Strong girls have always been around in children’s
books and stories, but up until the 1960s you had to
know where to look for them. One of my favourite fairy-tales
is Molly Whuppie, a Scottish version of Jack the Giant-Killer.
Cast out with her two sisters by their parents, Molly
escapes four times from a wicked giant and his wife
and wins half the kingdom and the king’s son
as a result. In exchange for a husband for herself
and each of her sisters, she steals the giant’s
three most precious possessions (his sword, his purse
and his ring), one by one. When the giant catches her
and is about to kill her, Molly cleverly suggests he
tie her up in a bag and go into the wood to cut the
biggest stick he can find. While he’s doing this,
she tricks the giant’s wife into climbing into
the bag in her place.
Molly is clever, determined, brave and active – the
opposite of the passive, sleepy or suffering heroines
we associate with fairytales. But although there
are other strong girls around, from Mossycoat to
the brave Lassie of East O’the Moon, West O’ the
Sun, children’s novelists have taken a while
to rediscover them. One of the first, and best, is
Mary in Frances Hodgson Burnett’s The Secret
Garden. Mary is so plain and sulky that other children
call her ‘Mary, Mary quite contrary.’ Friendless
and orphaned, she needs every drop of bad temper
when she goes to live with her uncle at Mistlethwaite
Manor on the Yorkshire moors. It is her restive boredom
that pushes her to restore the secret garden, and
her appalling temper that empowers her to stand up
to her spoilt, sickly cousin instead of bending to
his will. Although Mary becomes gentler and prettier
(strange how those two attributes go together) she
never quite loses her prickliness, and fierceness,
and, as a junior version of Jane Eyre, it’s
what you love her for.
Jo in Little Women lacks any trace of the malign,
but she, too, is a strong girl. Clumsy, impulsive,
energetic and perilously outspoken she is by far
the most interesting of the March sisters, and the
engine of all their adventures. You never forgive
Louisa M Alcott for not marrying Jo to Laurie in
Good Wives, but by making Jo a writer, supporting
the whole family, she gives us one of the first portraits
in children’s literature of a woman surviving
by her own wits and energy.
Roberta in E. Nesbit’s The Railway Children
is similarly proactive. She loses her temper and
makes her irritating younger brother almost faint
playing a game, but it is she who stays behind in
the dark railway tunnel with a wounded schoolboy,
and she who discovers the truth about their missing
father and who sets in motion the events that save
her father when he is unjustly imprisoned. Similarly
Anthea, in the Five Children & It trilogy is
the one who not only persuades the waspish sand-fairy
to give them one more wish but has the moral courage
to confront unpleasant adults and get them to change
their ways (with a bit of magical assistance.) The
ideal big sister, Nesbit’s heroines are hugely
important because they show girls that if they are
determined, brave and resourceful they can change
their world. They have their direct descendent in
Harry Potter’s friend Hermione, “the
cleverest witch of her generation” who is fearlessly
bookish but also bold enough to punch Malfoy and
outwit a werewolf.
All these strong girls have the advantage of starting
off in nice, clean, middle-class families. One of
my favourite heroines in literature has none of these.

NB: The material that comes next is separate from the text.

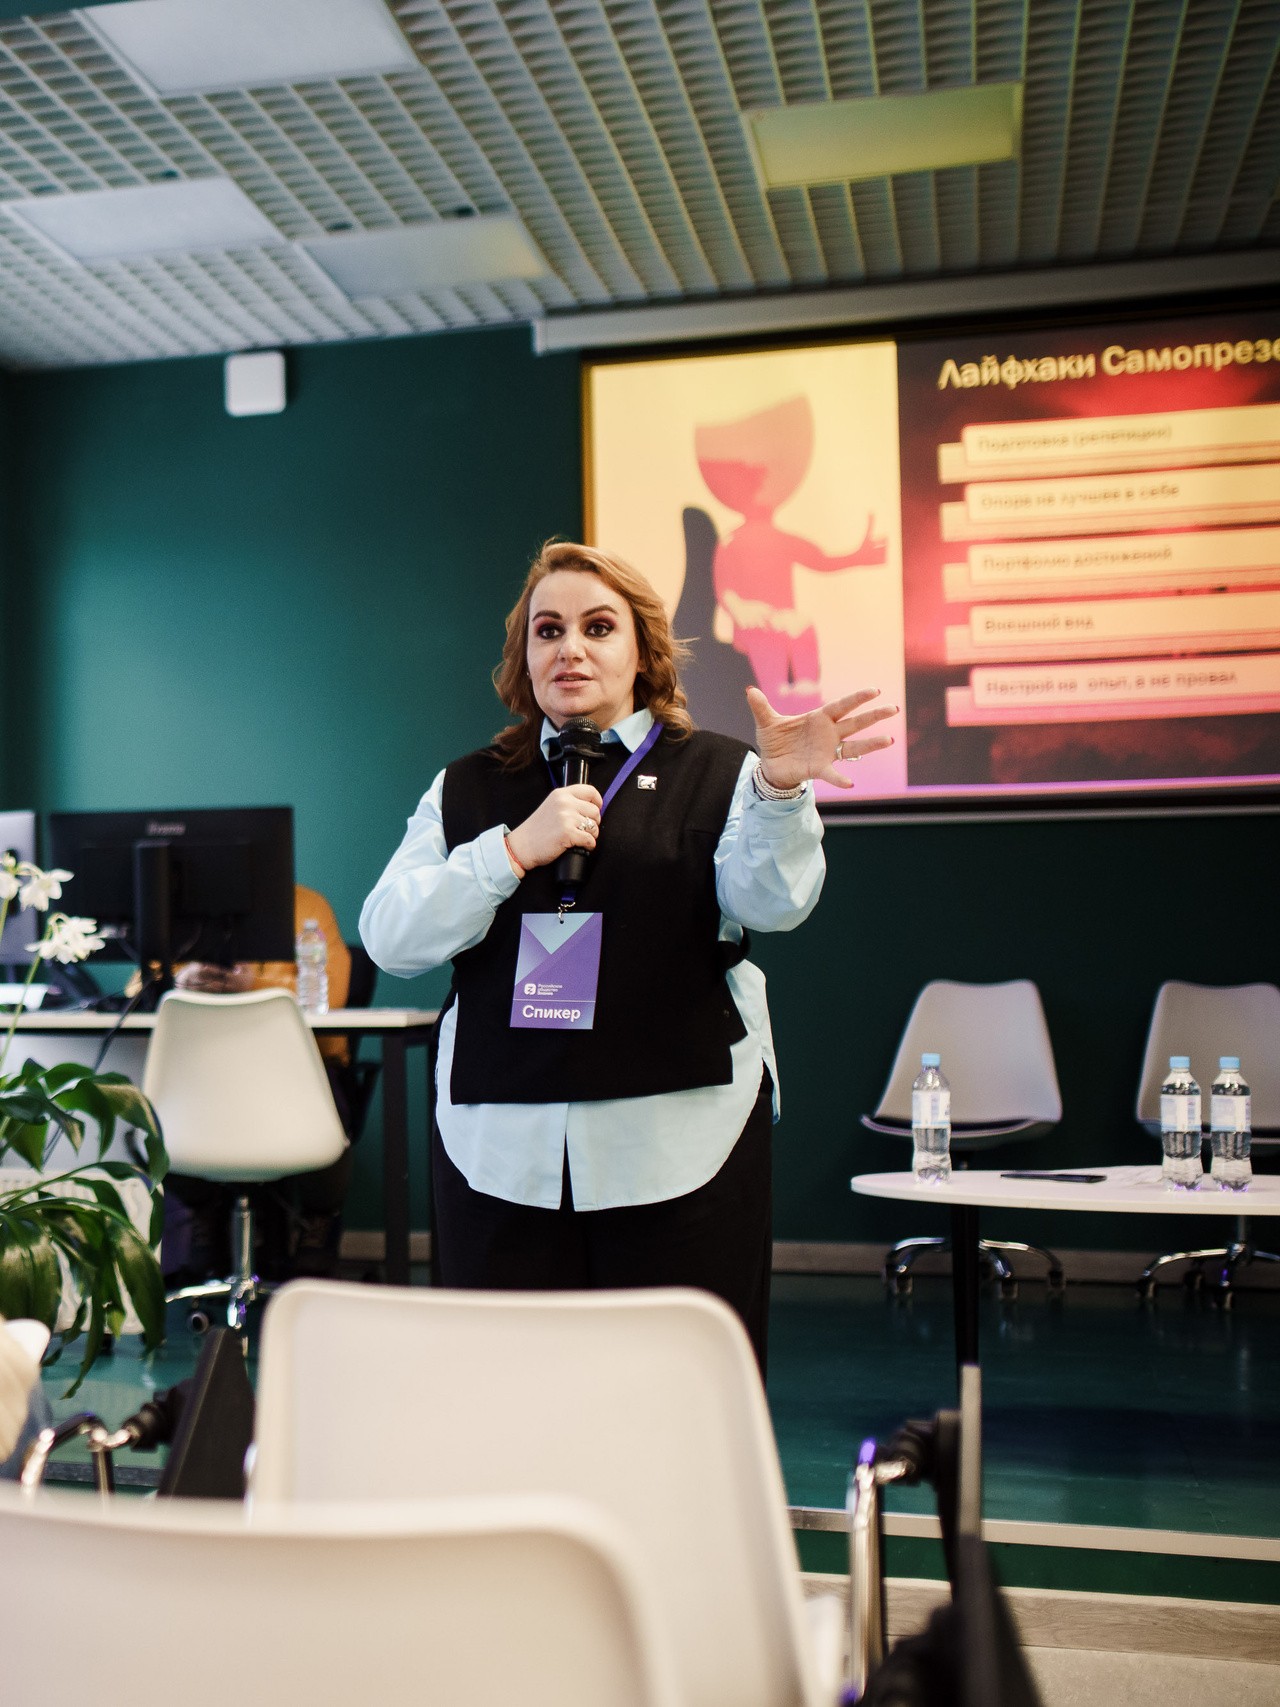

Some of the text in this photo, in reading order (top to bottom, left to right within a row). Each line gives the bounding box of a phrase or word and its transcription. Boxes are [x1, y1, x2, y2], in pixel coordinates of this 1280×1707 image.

[938, 354, 1097, 390] Лайфхаки
[985, 614, 1094, 634] Внешний вид
[1176, 671, 1238, 689] провал
[522, 1005, 581, 1022] Спикер

She is Dido Twite, the guttersnipe daughter of a
family of treasonous crooks who makes her first appearance
in Black Hearts in Battersea, the second of Joan
Aiken’s twelve-volume Wolves of Willoughby
Chase series. Dido is a cheeky, half-starved waif
ignored by all until Simon the painter arrives in
London and befriends her. In return for a few crumbs
of kindness, Dido saves Simon’s life when he
gets kidnapped – apparently at the cost of
her own, for while he survives she is lost at sea.
Yet it takes more than an ocean to kill Dido, a girl-Odysseus
whose long struggle to return home involves confounding
conspirators, outfacing witches and injecting spirit
into various passive, terrified girls. Outrageously
cheeky, with many rude phrases of her own invention,
Dido is dirty, rebellious and brave in a way that
makes her the undoubted ancestor of Philip Pullman’s
Lyra in His Dark Materials.
Jacqueline Wilson’s Tracey Beaker is another
girl from the rough side. Taken into a children’s
home because her Mum’s monstrous boyfriend
beat her up, she is violent and rude but longs for
her mother to come and take her away. The book consists
of her thoughts, fantasies and feelings as a troubled
but affectionate 10-year-old who may never going
to be rescued by an adult, whether this is the adoptive
parents she has antagonised, the glamorous mother
who has dumped her or the writer, Cam, who befriends
her. Tracey makes you laugh and cry, though in real
life you’d probably dislike her as a bully.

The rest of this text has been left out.